Each line of the records has to be copied exactly, though the pictures must be left out.
<<<<
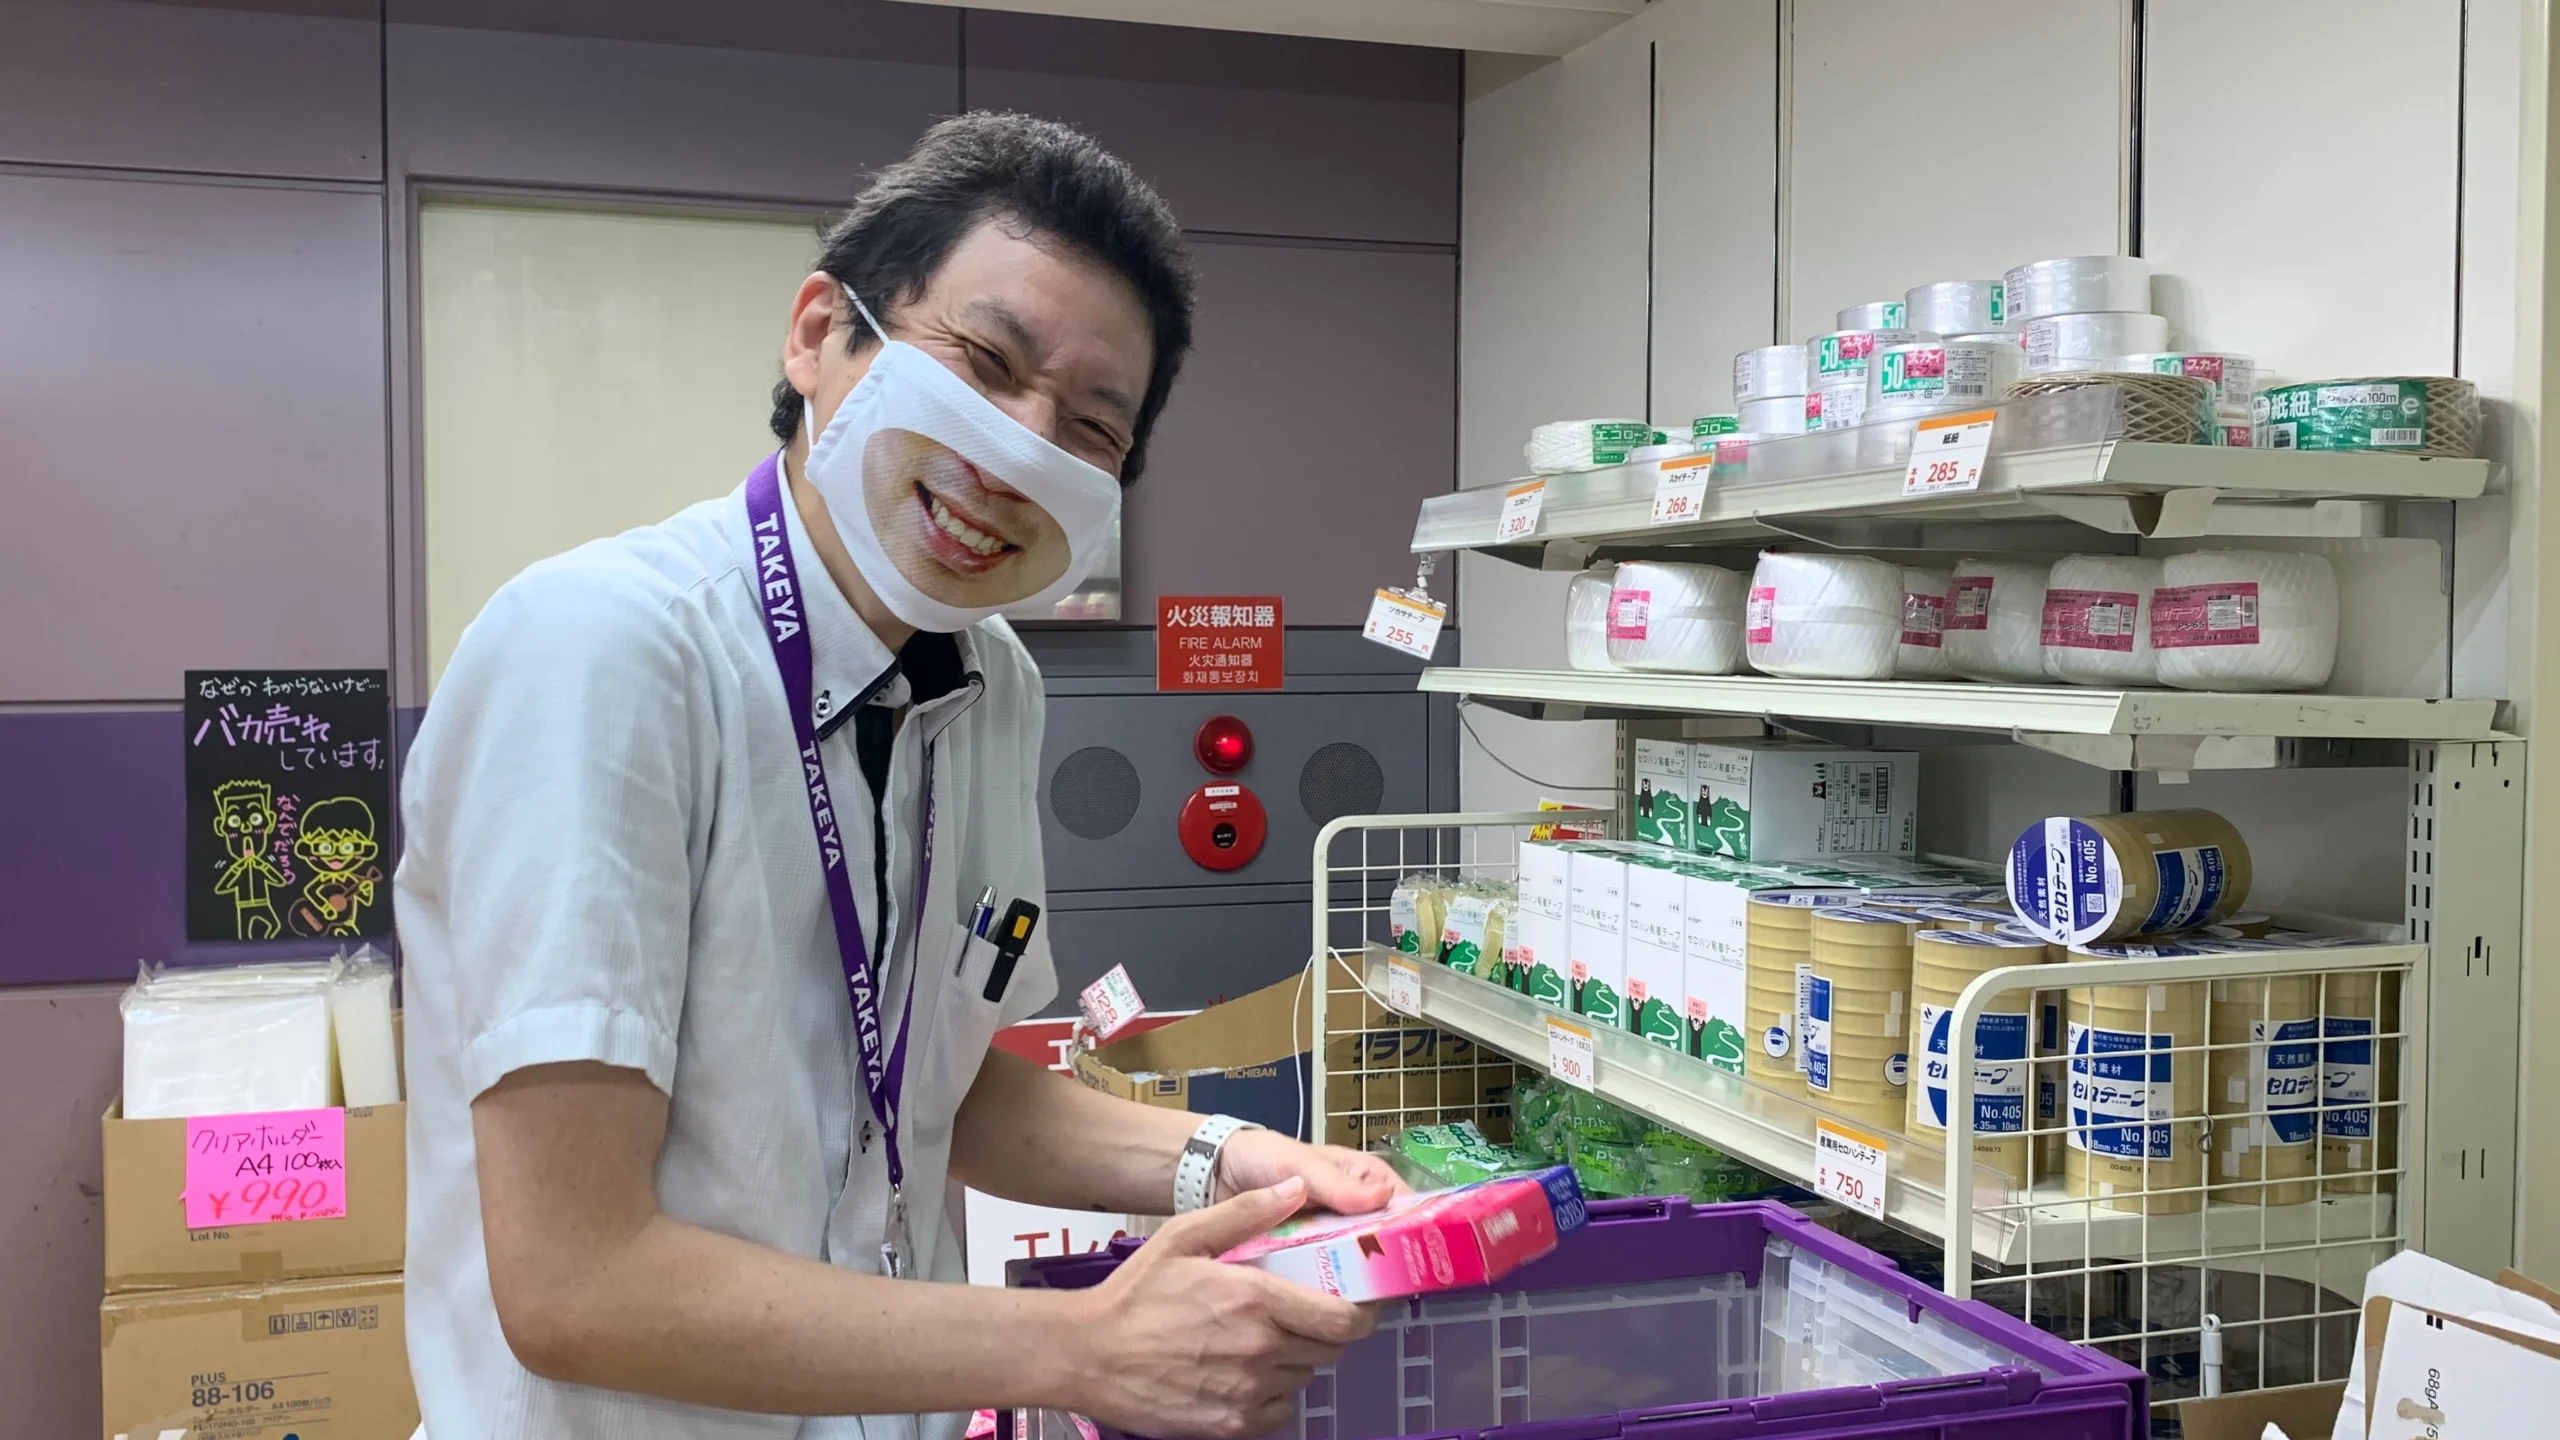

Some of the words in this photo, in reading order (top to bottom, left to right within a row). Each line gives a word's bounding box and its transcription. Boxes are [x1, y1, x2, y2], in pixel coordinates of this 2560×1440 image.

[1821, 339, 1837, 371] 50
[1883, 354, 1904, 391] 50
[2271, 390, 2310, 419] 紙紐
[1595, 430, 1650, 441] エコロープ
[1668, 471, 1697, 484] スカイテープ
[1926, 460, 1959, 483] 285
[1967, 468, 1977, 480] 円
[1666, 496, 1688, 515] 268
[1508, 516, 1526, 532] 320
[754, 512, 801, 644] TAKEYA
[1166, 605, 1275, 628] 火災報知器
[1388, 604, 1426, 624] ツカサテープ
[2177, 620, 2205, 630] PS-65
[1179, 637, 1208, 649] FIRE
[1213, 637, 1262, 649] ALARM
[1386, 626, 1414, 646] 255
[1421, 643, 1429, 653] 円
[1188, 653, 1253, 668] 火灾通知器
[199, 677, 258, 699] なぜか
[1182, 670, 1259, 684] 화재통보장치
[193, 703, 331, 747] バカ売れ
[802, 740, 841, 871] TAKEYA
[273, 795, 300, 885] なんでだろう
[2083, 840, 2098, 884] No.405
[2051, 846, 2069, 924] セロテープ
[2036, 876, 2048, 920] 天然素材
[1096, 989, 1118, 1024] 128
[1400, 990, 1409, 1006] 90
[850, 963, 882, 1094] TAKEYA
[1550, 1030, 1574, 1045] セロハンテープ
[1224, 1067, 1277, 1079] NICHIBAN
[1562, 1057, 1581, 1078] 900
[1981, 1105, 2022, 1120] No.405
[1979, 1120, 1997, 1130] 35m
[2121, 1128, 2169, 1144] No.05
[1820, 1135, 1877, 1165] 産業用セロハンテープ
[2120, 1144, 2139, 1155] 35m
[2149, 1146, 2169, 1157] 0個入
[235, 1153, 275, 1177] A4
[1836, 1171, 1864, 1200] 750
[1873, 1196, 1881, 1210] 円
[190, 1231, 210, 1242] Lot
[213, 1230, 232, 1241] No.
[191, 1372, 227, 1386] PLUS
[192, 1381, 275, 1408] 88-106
>>>>
SOLVED PROBLEM:
Some of the words in this photo, in reading order (top to bottom, left to right within a row). Each line gives a word's bounding box and its transcription. Boxes are [x1, y1, x2, y2], in pixel coordinates of this 2560×1440 image.

[1821, 339, 1837, 371] 50
[1883, 354, 1904, 391] 50
[2271, 390, 2310, 419] 紙紐
[1595, 430, 1650, 441] エコロープ
[1668, 471, 1697, 484] スカイテープ
[1926, 460, 1959, 483] 285
[1967, 468, 1977, 480] 円
[1666, 496, 1688, 515] 268
[1508, 516, 1526, 532] 320
[754, 512, 801, 644] TAKEYA
[1166, 605, 1275, 628] 火災報知器
[1388, 604, 1426, 624] ツカサテープ
[2177, 620, 2205, 630] PS-65
[1179, 637, 1208, 649] FIRE
[1213, 637, 1262, 649] ALARM
[1386, 626, 1414, 646] 255
[1421, 643, 1429, 653] 円
[1188, 653, 1253, 668] 火灾通知器
[199, 677, 258, 699] なぜか
[1182, 670, 1259, 684] 화재통보장치
[193, 703, 331, 747] バカ売れ
[802, 740, 841, 871] TAKEYA
[273, 795, 300, 885] なんでだろう
[2083, 840, 2098, 884] No.405
[2051, 846, 2069, 924] セロテープ
[2036, 876, 2048, 920] 天然素材
[1096, 989, 1118, 1024] 128
[1400, 990, 1409, 1006] 90
[850, 963, 882, 1094] TAKEYA
[1550, 1030, 1574, 1045] セロハンテープ
[1224, 1067, 1277, 1079] NICHIBAN
[1562, 1057, 1581, 1078] 900
[1981, 1105, 2022, 1120] No.405
[1979, 1120, 1997, 1130] 35m
[2121, 1128, 2169, 1144] No.05
[1820, 1135, 1877, 1165] 産業用セロハンテープ
[2120, 1144, 2139, 1155] 35m
[2149, 1146, 2169, 1157] 0個入
[235, 1153, 275, 1177] A4
[1836, 1171, 1864, 1200] 750
[1873, 1196, 1881, 1210] 円
[190, 1231, 210, 1242] Lot
[213, 1230, 232, 1241] No.
[191, 1372, 227, 1386] PLUS
[192, 1381, 275, 1408] 88-106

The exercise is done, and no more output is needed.